[Opening ENTRIES SUPPLIED section]

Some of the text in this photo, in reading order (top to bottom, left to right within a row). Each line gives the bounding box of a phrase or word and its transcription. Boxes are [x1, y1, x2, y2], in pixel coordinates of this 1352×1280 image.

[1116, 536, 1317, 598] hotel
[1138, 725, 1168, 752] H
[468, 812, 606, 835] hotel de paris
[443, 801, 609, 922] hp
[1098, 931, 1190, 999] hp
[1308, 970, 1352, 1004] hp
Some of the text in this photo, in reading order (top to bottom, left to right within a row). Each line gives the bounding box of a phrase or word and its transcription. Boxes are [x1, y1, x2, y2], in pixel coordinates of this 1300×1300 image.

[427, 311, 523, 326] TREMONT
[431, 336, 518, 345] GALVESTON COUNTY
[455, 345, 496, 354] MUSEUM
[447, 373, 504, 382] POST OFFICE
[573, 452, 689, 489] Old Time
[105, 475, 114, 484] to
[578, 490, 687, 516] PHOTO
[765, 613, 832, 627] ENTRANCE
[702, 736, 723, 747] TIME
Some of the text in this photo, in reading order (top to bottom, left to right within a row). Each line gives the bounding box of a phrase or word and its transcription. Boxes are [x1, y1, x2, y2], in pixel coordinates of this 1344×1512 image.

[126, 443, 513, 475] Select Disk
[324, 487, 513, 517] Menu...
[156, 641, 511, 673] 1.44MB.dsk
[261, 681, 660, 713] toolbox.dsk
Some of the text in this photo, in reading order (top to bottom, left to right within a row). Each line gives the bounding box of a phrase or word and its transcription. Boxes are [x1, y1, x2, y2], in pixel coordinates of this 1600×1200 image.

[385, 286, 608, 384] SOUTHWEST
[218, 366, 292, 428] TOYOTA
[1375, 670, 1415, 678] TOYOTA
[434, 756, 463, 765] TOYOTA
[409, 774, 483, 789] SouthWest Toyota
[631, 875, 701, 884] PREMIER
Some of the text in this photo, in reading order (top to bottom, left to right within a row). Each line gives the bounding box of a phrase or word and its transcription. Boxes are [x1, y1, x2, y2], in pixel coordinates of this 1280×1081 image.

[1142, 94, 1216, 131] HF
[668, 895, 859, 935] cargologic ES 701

[Closing ENTRIES SUPPLIED section]

A verbatim version of the complete listing above is to be returned.

Some of the text in this photo, in reading order (top to bottom, left to right within a row). Each line gives the bounding box of a phrase or word and its transcription. Boxes are [x1, y1, x2, y2], in pixel coordinates of this 1352×1280 image.

[1116, 536, 1317, 598] hotel
[1138, 725, 1168, 752] H
[468, 812, 606, 835] hotel de paris
[443, 801, 609, 922] hp
[1098, 931, 1190, 999] hp
[1308, 970, 1352, 1004] hp
Some of the text in this photo, in reading order (top to bottom, left to right within a row). Each line gives the bounding box of a phrase or word and its transcription. Boxes are [x1, y1, x2, y2], in pixel coordinates of this 1300×1300 image.

[427, 311, 523, 326] TREMONT
[431, 336, 518, 345] GALVESTON COUNTY
[455, 345, 496, 354] MUSEUM
[447, 373, 504, 382] POST OFFICE
[573, 452, 689, 489] Old Time
[105, 475, 114, 484] to
[578, 490, 687, 516] PHOTO
[765, 613, 832, 627] ENTRANCE
[702, 736, 723, 747] TIME
Some of the text in this photo, in reading order (top to bottom, left to right within a row). Each line gives the bounding box of a phrase or word and its transcription. Boxes are [x1, y1, x2, y2], in pixel coordinates of this 1344×1512 image.

[126, 443, 513, 475] Select Disk
[324, 487, 513, 517] Menu...
[156, 641, 511, 673] 1.44MB.dsk
[261, 681, 660, 713] toolbox.dsk
Some of the text in this photo, in reading order (top to bottom, left to right within a row). Each line gives the bounding box of a phrase or word and its transcription. Boxes are [x1, y1, x2, y2], in pixel coordinates of this 1600×1200 image.

[385, 286, 608, 384] SOUTHWEST
[218, 366, 292, 428] TOYOTA
[1375, 670, 1415, 678] TOYOTA
[434, 756, 463, 765] TOYOTA
[409, 774, 483, 789] SouthWest Toyota
[631, 875, 701, 884] PREMIER
Some of the text in this photo, in reading order (top to bottom, left to right within a row). Each line gives the bounding box of a phrase or word and its transcription. Boxes are [x1, y1, x2, y2], in pixel coordinates of this 1280×1081 image.

[1142, 94, 1216, 131] HF
[668, 895, 859, 935] cargologic ES 701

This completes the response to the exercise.